(Text-to-region grounding data)
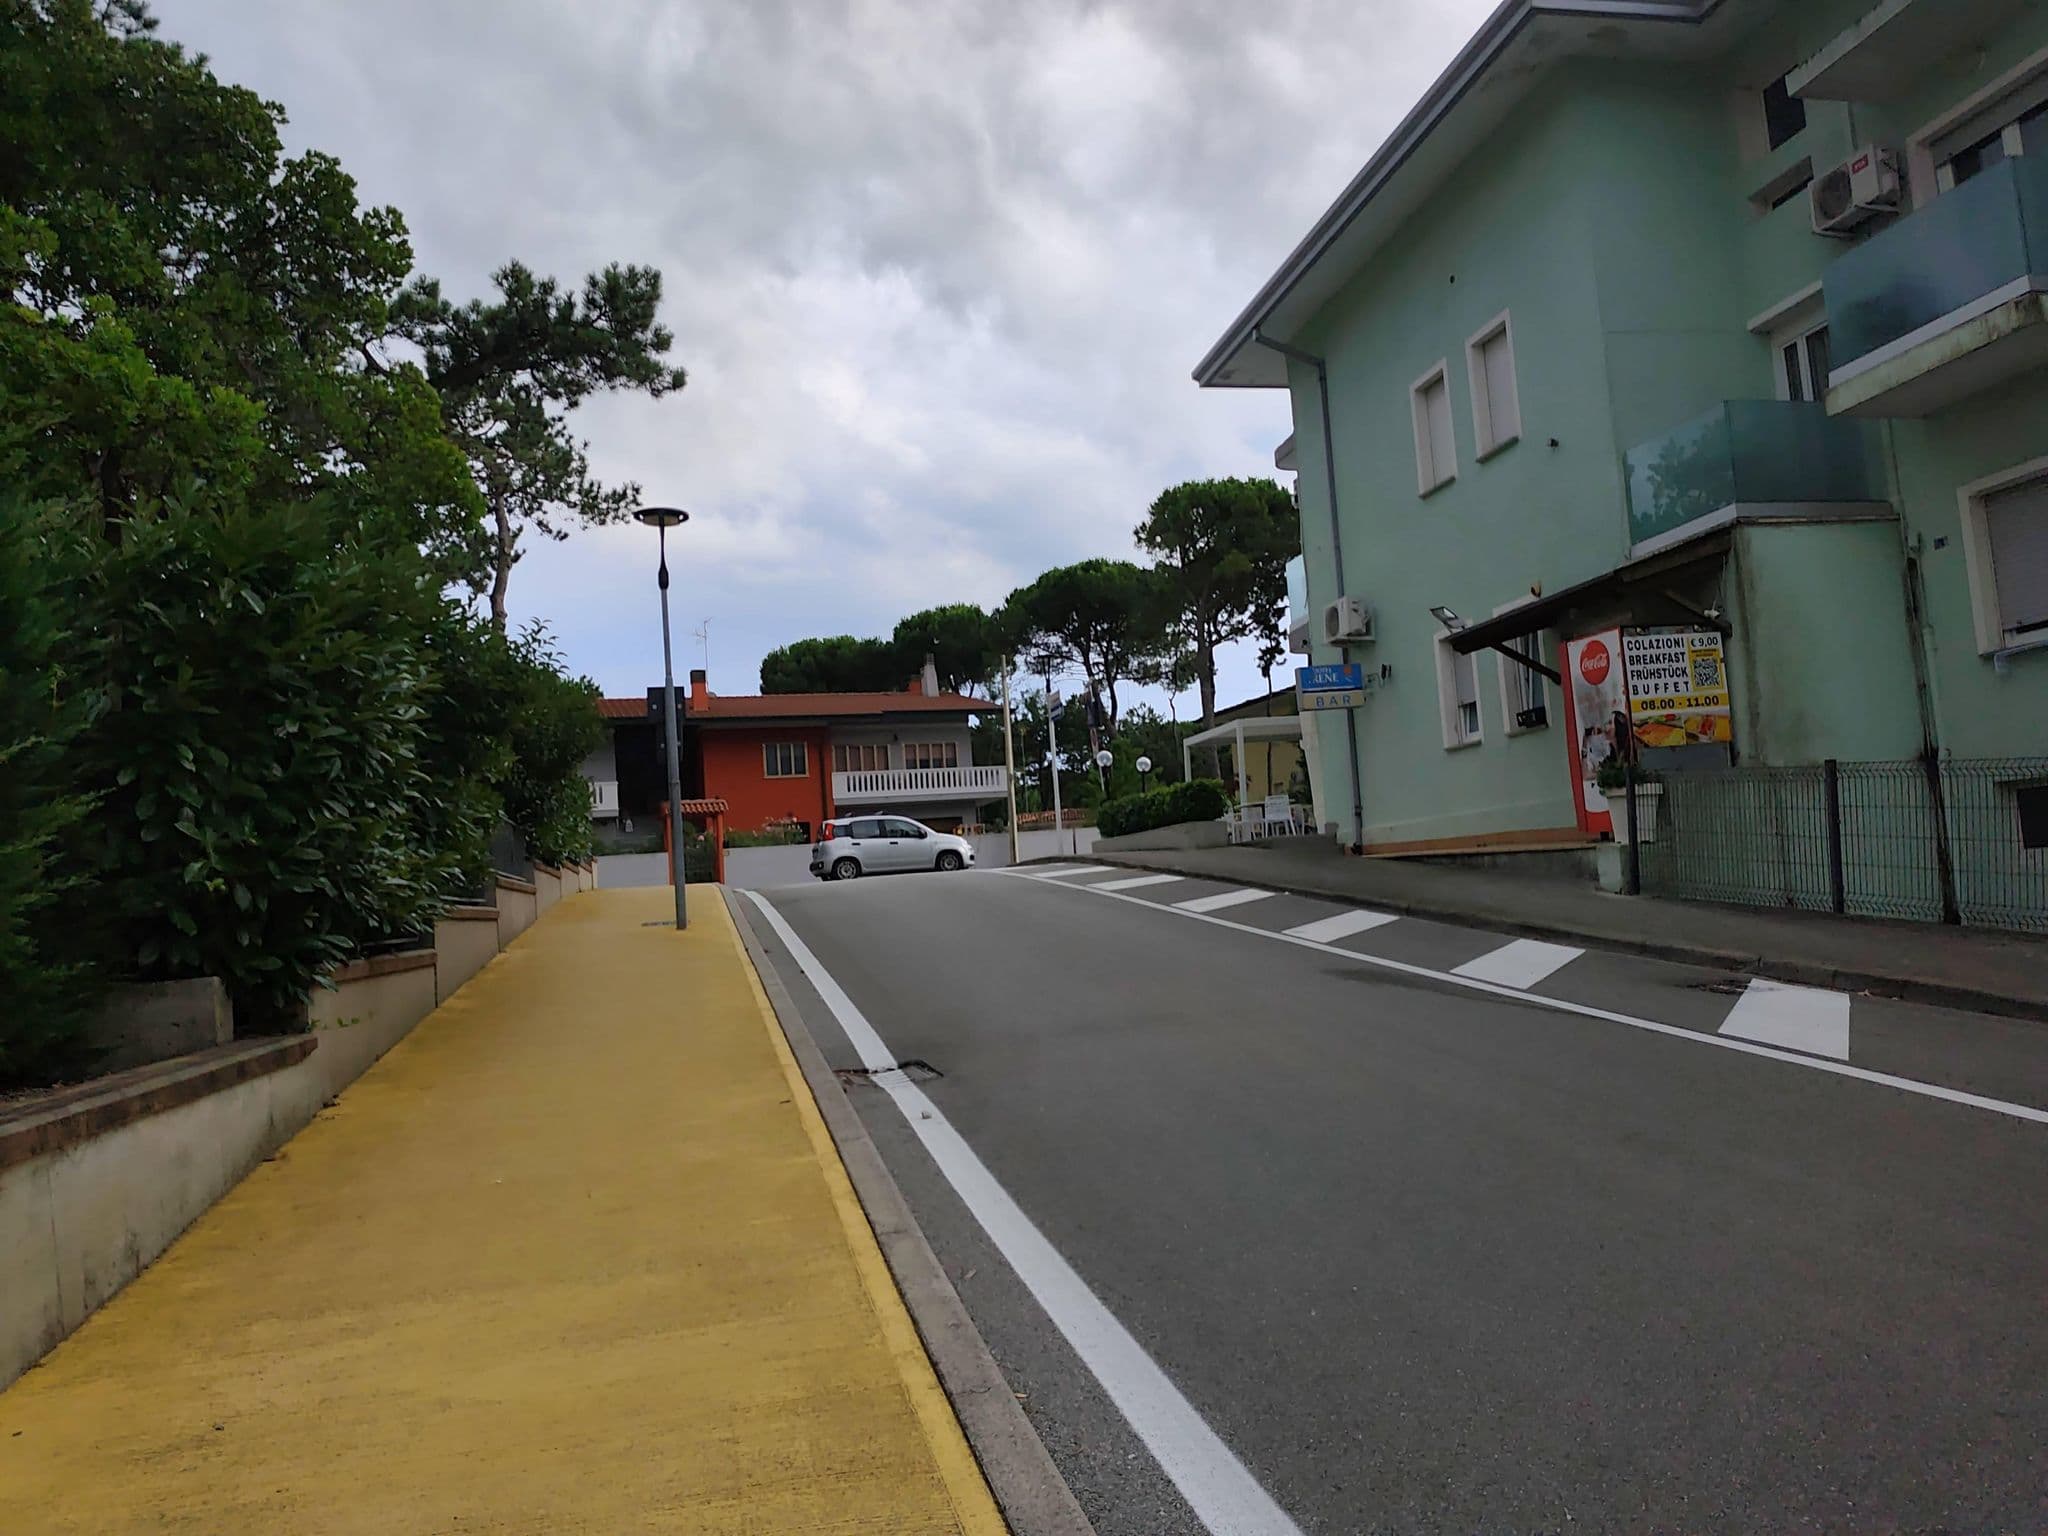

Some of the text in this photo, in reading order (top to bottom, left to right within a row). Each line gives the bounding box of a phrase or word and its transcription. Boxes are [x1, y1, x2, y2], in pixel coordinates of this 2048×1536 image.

[1627, 637, 1685, 651] COLAZIONI
[1698, 636, 1719, 648] 9,00
[1628, 651, 1687, 666] BREAKFAST
[1630, 665, 1689, 681] FRÜHSTÜCK
[1632, 681, 1690, 696] BUFFET
[1315, 694, 1352, 708] BAR
[1641, 698, 1675, 711] 08.00
[1686, 695, 1720, 707] 11.00

• ABOUT THIS EXERCISE: Leave every picture out, and transcribe the data above exactly as it reads.

• RESULT FOR THIS TASK:
Some of the text in this photo, in reading order (top to bottom, left to right within a row). Each line gives the bounding box of a phrase or word and its transcription. Boxes are [x1, y1, x2, y2], in pixel coordinates of this 2048×1536 image.

[1627, 637, 1685, 651] COLAZIONI
[1698, 636, 1719, 648] 9,00
[1628, 651, 1687, 666] BREAKFAST
[1630, 665, 1689, 681] FRÜHSTÜCK
[1632, 681, 1690, 696] BUFFET
[1315, 694, 1352, 708] BAR
[1641, 698, 1675, 711] 08.00
[1686, 695, 1720, 707] 11.00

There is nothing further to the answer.